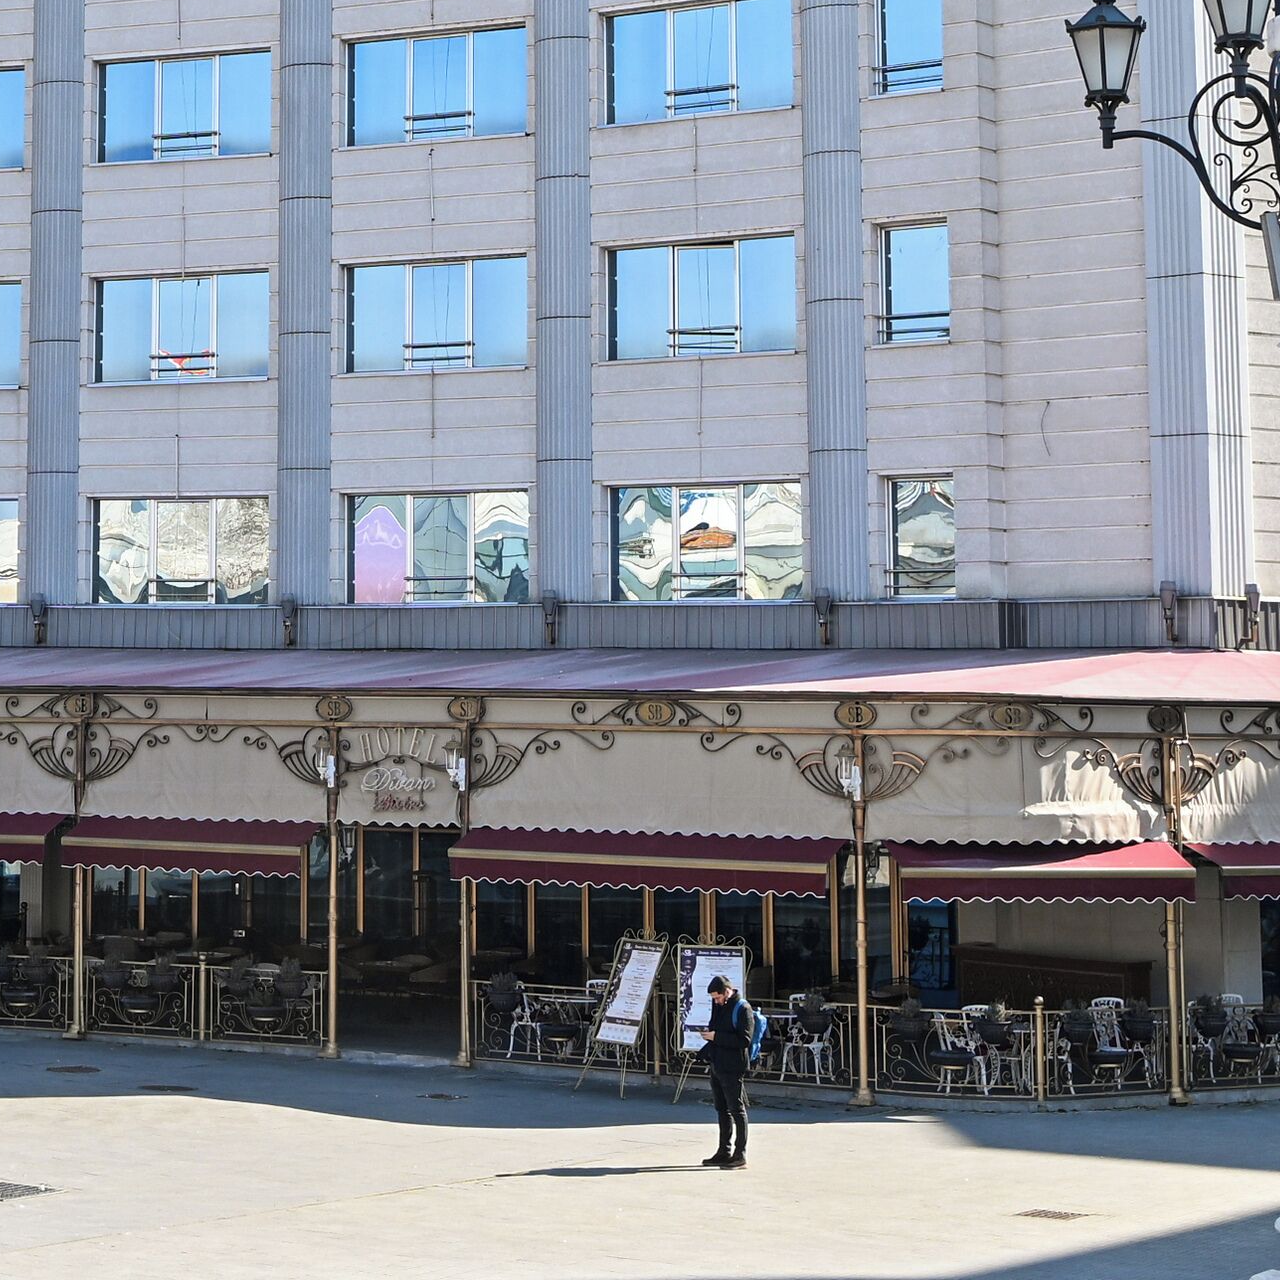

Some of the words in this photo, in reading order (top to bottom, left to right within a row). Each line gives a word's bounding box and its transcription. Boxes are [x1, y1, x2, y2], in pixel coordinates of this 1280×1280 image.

[74, 698, 88, 712] SB
[327, 701, 341, 716] SB
[648, 704, 662, 720] SB
[848, 706, 863, 723] SB
[359, 727, 437, 764] HOTEL
[360, 767, 436, 793] Divan

::::::

__What to work on__.
Exclude the pictures. Write out the remaining data exactly.

__The completed task__.
Some of the words in this photo, in reading order (top to bottom, left to right within a row). Each line gives a word's bounding box and its transcription. Boxes are [x1, y1, x2, y2], in pixel coordinates of this 1280×1280 image.

[74, 698, 88, 712] SB
[327, 701, 341, 716] SB
[648, 704, 662, 720] SB
[848, 706, 863, 723] SB
[359, 727, 437, 764] HOTEL
[360, 767, 436, 793] Divan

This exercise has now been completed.